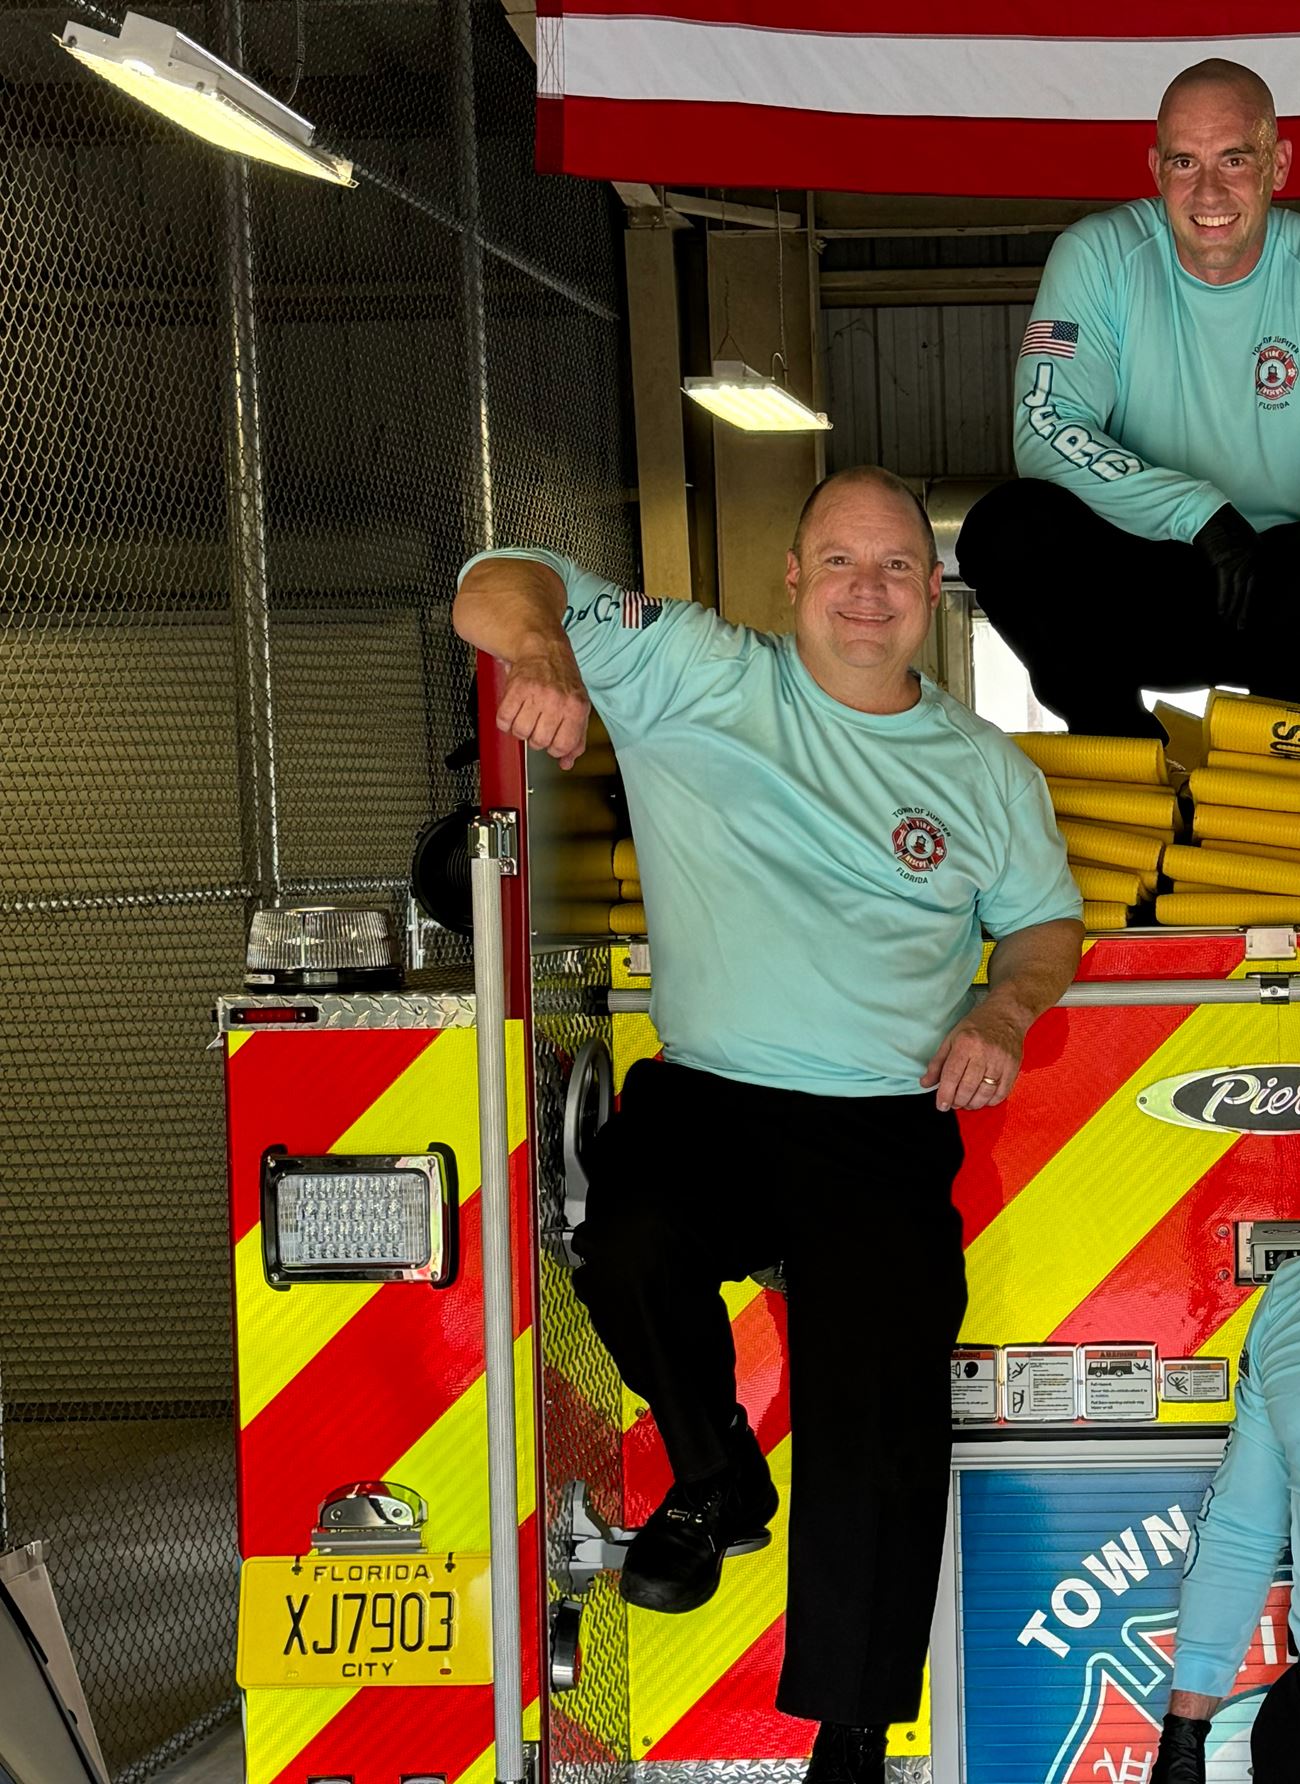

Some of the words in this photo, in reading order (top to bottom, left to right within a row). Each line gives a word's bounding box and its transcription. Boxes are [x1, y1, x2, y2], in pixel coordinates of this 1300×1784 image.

[1258, 401, 1290, 410] FLORIDA
[892, 807, 913, 818] TOWN
[926, 811, 951, 837] JUPITER
[896, 866, 928, 884] FLORIDA
[313, 1564, 430, 1582] FLORIDA
[1017, 1504, 1191, 1658] TOWN
[283, 1591, 454, 1656] XJ7903
[342, 1662, 394, 1678] CITY

==============================

• [WHAT NEEDS TO BE DONE]:
In your copy of the records above, include every line exactly but no pictures.

• [EXERCISE ANSWER]:
Some of the words in this photo, in reading order (top to bottom, left to right within a row). Each line gives a word's bounding box and its transcription. Boxes are [x1, y1, x2, y2], in pixel coordinates of this 1300×1784 image.

[1258, 401, 1290, 410] FLORIDA
[892, 807, 913, 818] TOWN
[926, 811, 951, 837] JUPITER
[896, 866, 928, 884] FLORIDA
[313, 1564, 430, 1582] FLORIDA
[1017, 1504, 1191, 1658] TOWN
[283, 1591, 454, 1656] XJ7903
[342, 1662, 394, 1678] CITY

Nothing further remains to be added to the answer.